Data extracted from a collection
-- -- --

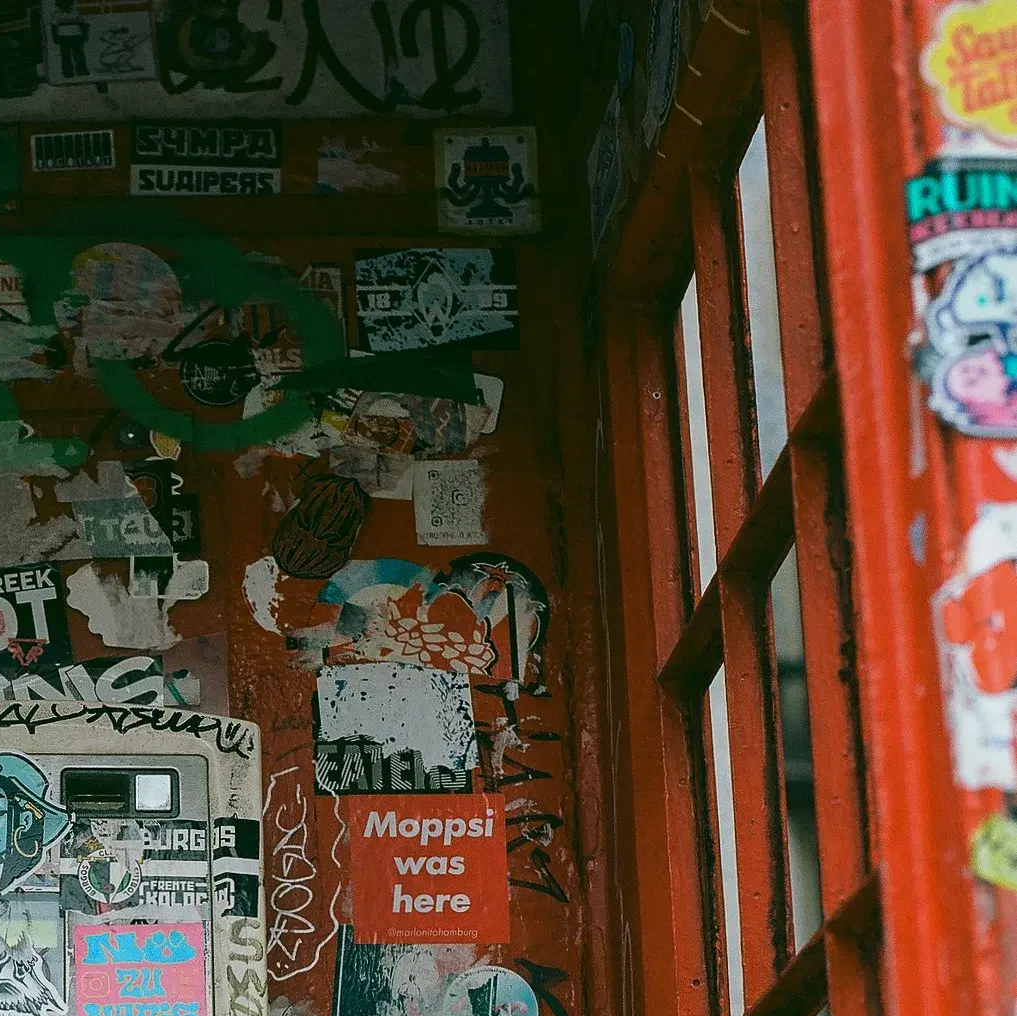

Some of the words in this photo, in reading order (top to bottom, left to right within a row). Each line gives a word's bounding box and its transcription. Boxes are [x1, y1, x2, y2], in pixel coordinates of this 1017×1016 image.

[362, 809, 494, 846] Moppsi
[393, 855, 466, 876] was
[149, 880, 195, 892] FRENTE
[391, 884, 471, 914] here
[114, 967, 166, 999] ZU
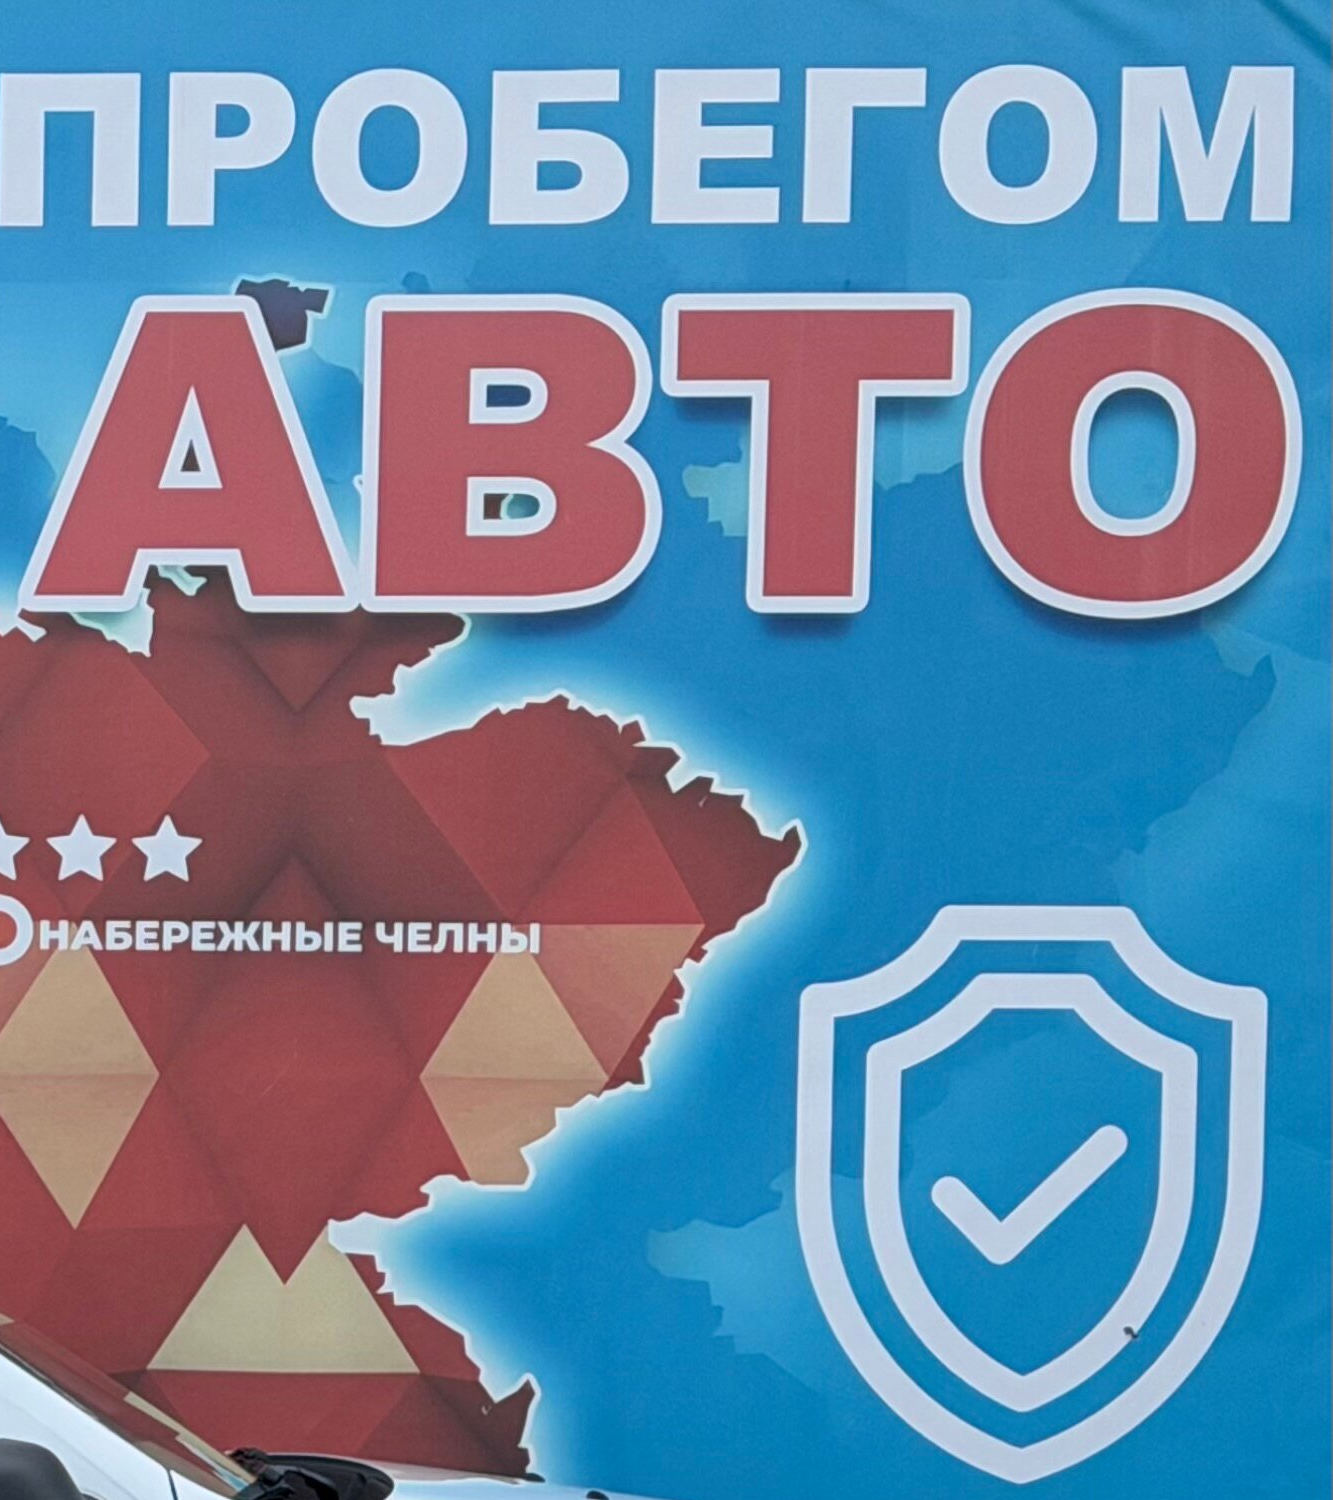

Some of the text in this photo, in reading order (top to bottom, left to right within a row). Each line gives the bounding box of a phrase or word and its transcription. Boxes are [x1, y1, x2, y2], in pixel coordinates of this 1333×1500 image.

-- -- --

__REQUIREMENT__: Your answer must be an exact repeat of the records above, with no pictures in it.

__SOLUTION FOR THIS EXERCISE__:
Some of the words in this photo, in reading order (top to bottom, left to right within a row). Each line gives a word's bounding box and its transcription. Boxes are [x1, y1, x2, y2], in pixel coordinates of this 1017×1016 image.

[362, 809, 494, 846] Moppsi
[393, 855, 466, 876] was
[149, 880, 195, 892] FRENTE
[391, 884, 471, 914] here
[114, 967, 166, 999] ZU

Some of the text in this photo, in reading order (top to bottom, left to right within a row). Each line gives the bounding box of a phrase or word and its transcription. Boxes are [x1, y1, x2, y2], in pixel coordinates of this 1333×1500 image.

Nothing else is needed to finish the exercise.